• **TASK GOAL**
Restate the last part of the records below word for word, beginning at the line with "Some of the text" and ending at the final line.

---

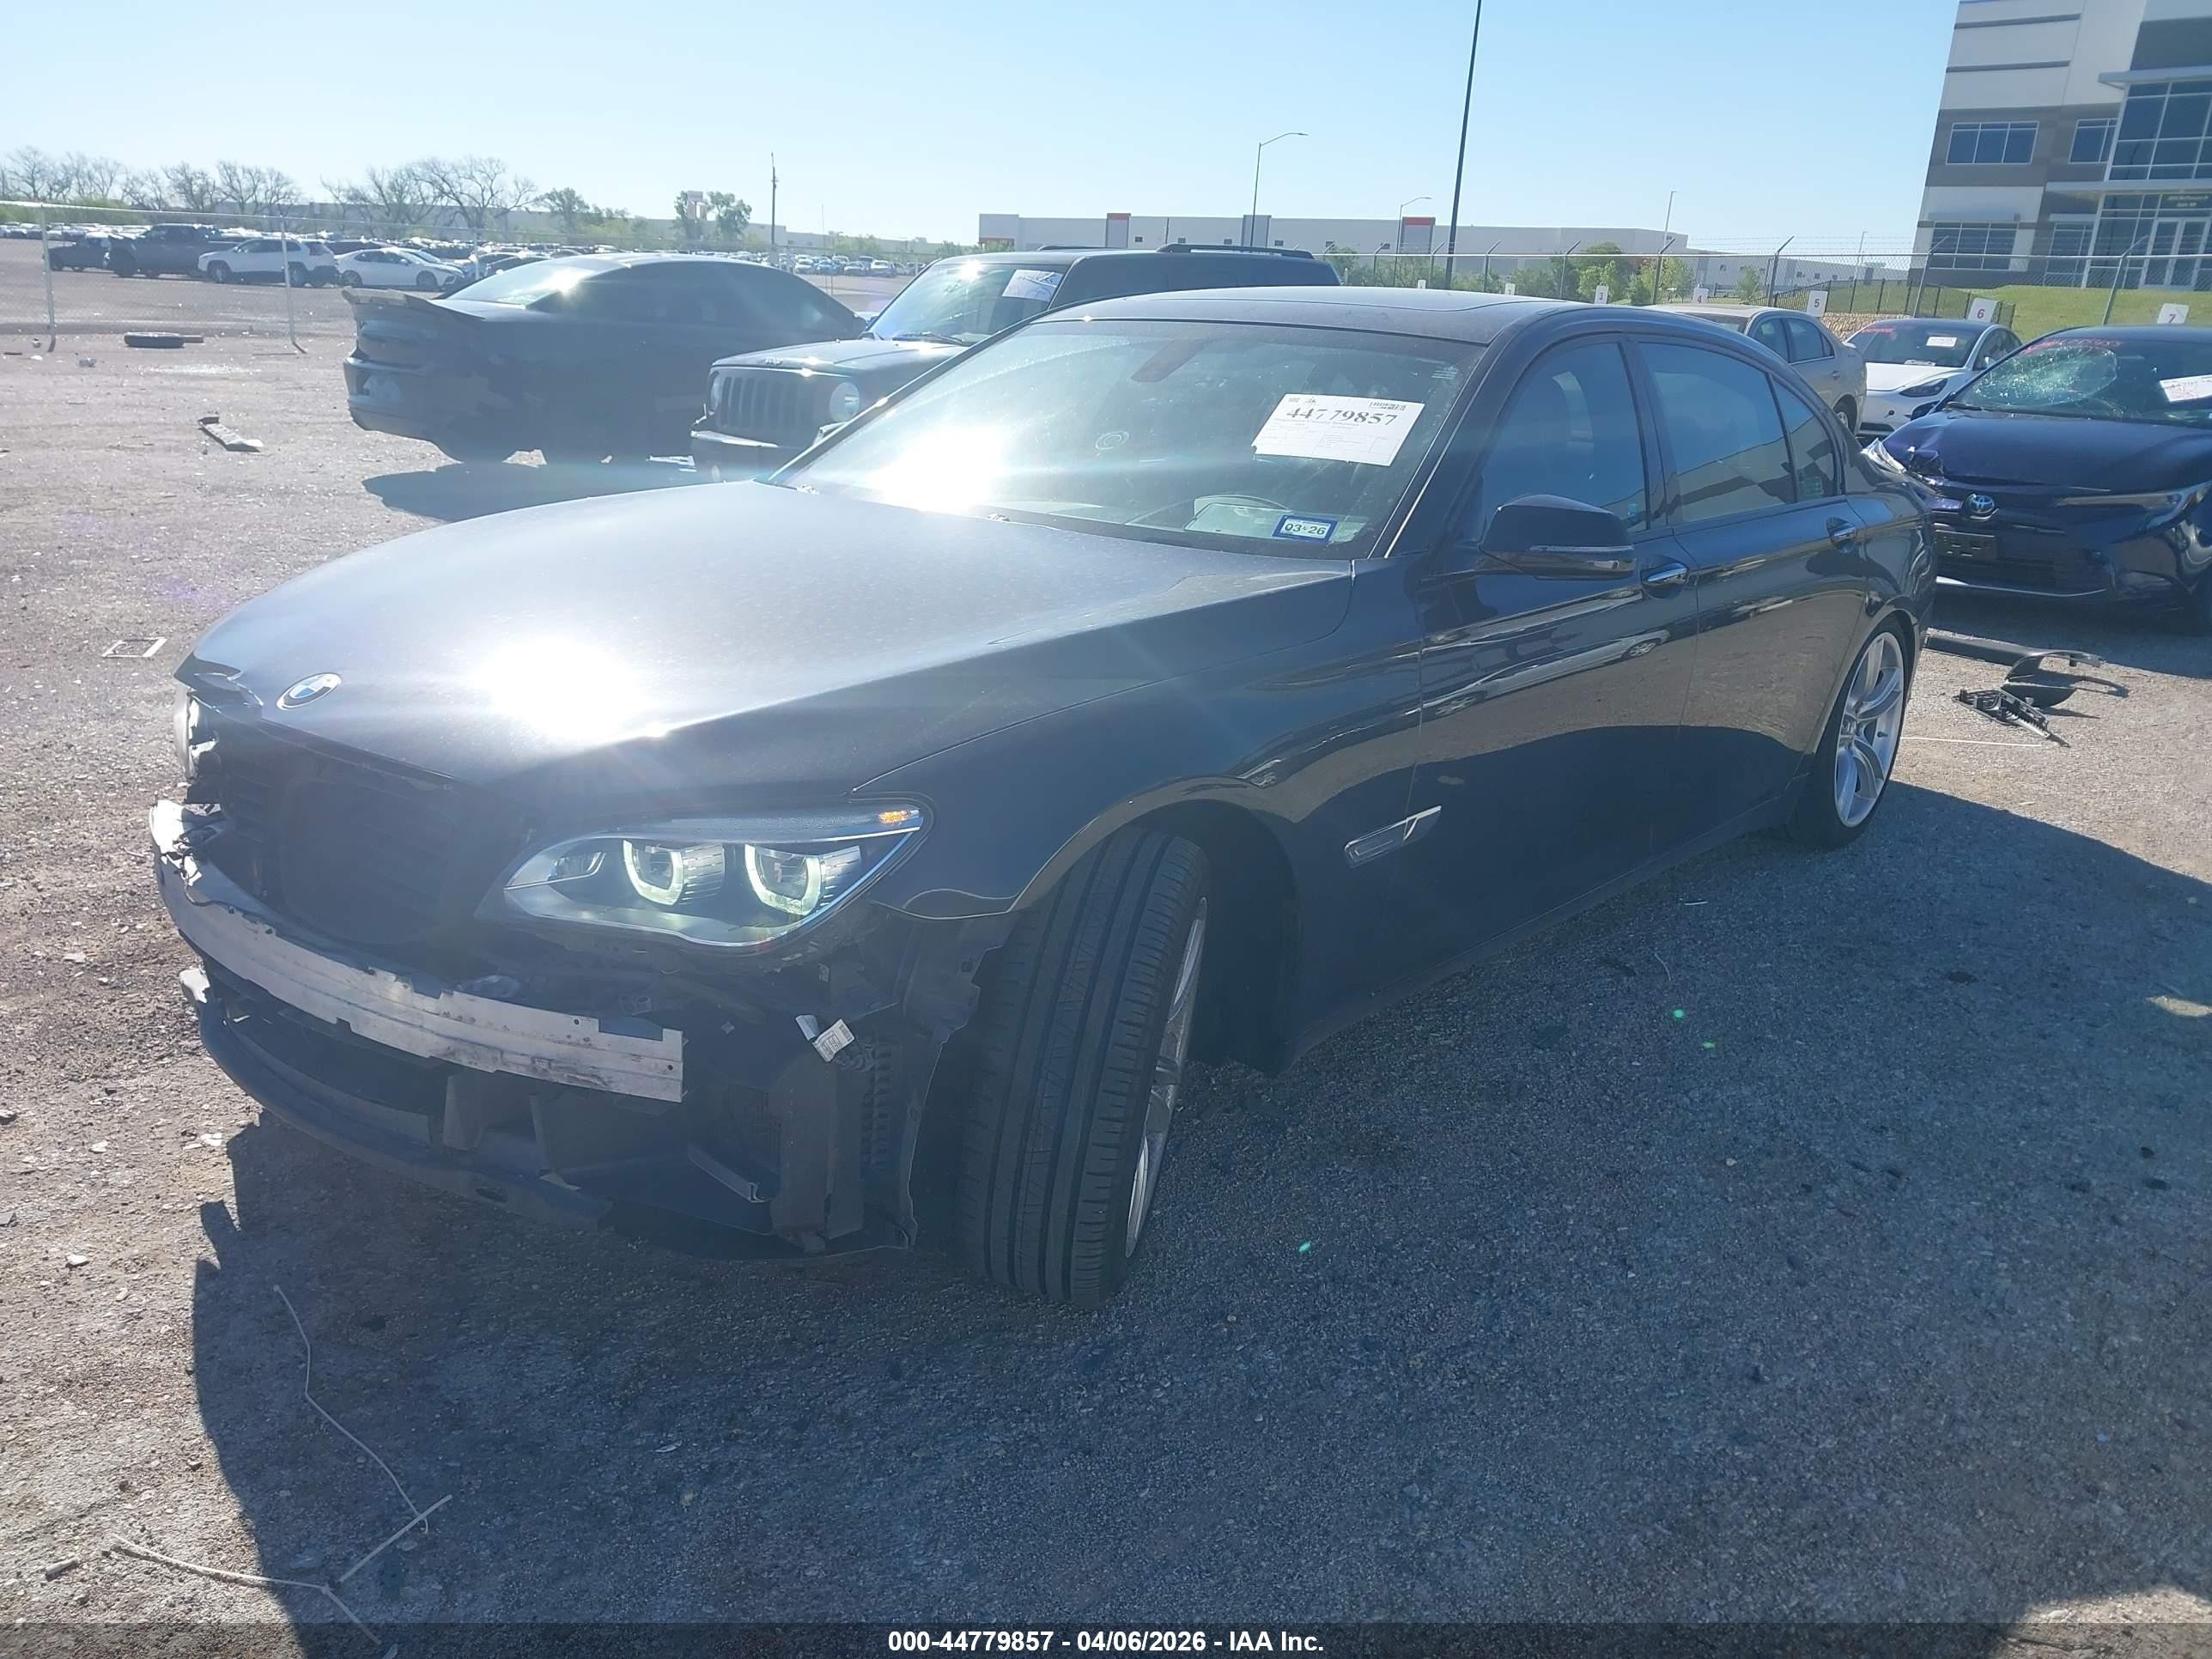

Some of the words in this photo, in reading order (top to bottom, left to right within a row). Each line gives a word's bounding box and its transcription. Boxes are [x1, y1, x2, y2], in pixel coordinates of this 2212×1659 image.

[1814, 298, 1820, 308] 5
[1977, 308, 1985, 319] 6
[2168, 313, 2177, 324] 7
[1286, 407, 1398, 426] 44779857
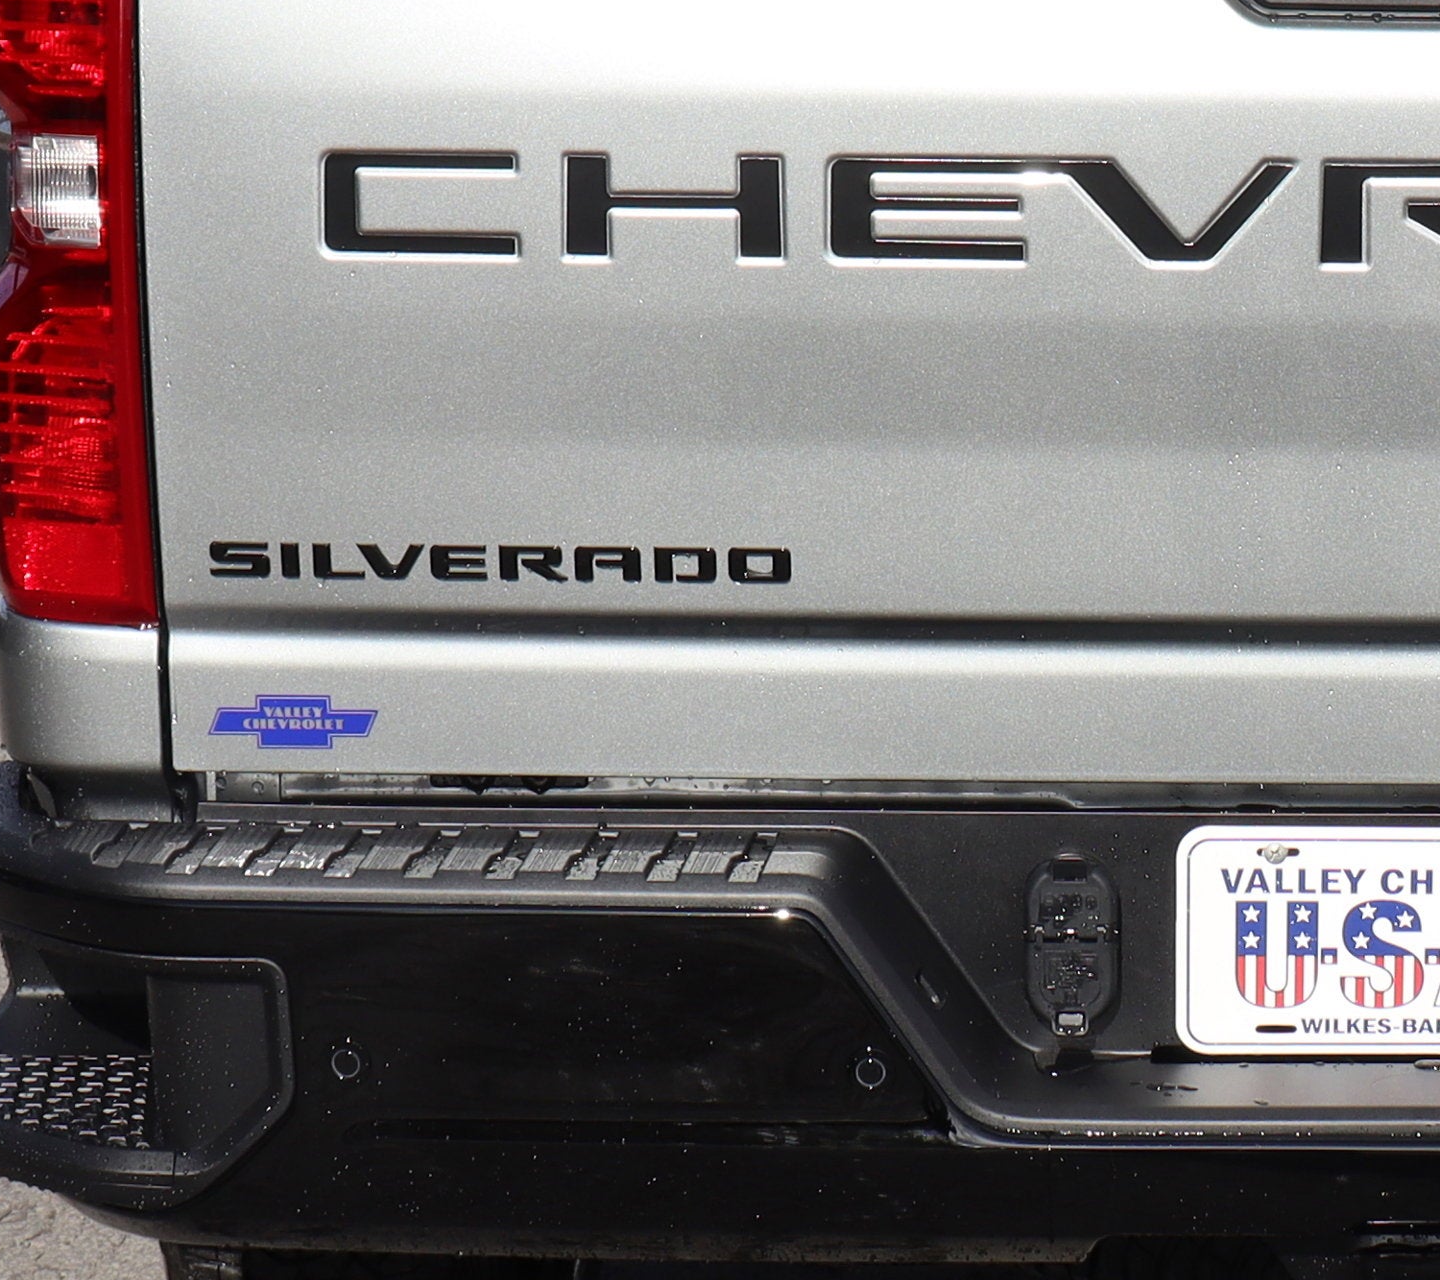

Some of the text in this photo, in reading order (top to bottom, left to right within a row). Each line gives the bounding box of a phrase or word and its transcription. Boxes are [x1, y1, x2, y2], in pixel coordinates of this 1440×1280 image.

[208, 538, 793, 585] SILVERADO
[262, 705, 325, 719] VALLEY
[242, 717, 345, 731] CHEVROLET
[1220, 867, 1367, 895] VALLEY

---

• **OUTPUT FOR THIS TASK**
Some of the text in this photo, in reading order (top to bottom, left to right within a row). Each line gives the bounding box of a phrase or word and its transcription. Boxes are [x1, y1, x2, y2], in pixel coordinates of this 1440×1280 image.

[208, 538, 793, 585] SILVERADO
[262, 705, 325, 719] VALLEY
[242, 717, 345, 731] CHEVROLET
[1220, 867, 1367, 895] VALLEY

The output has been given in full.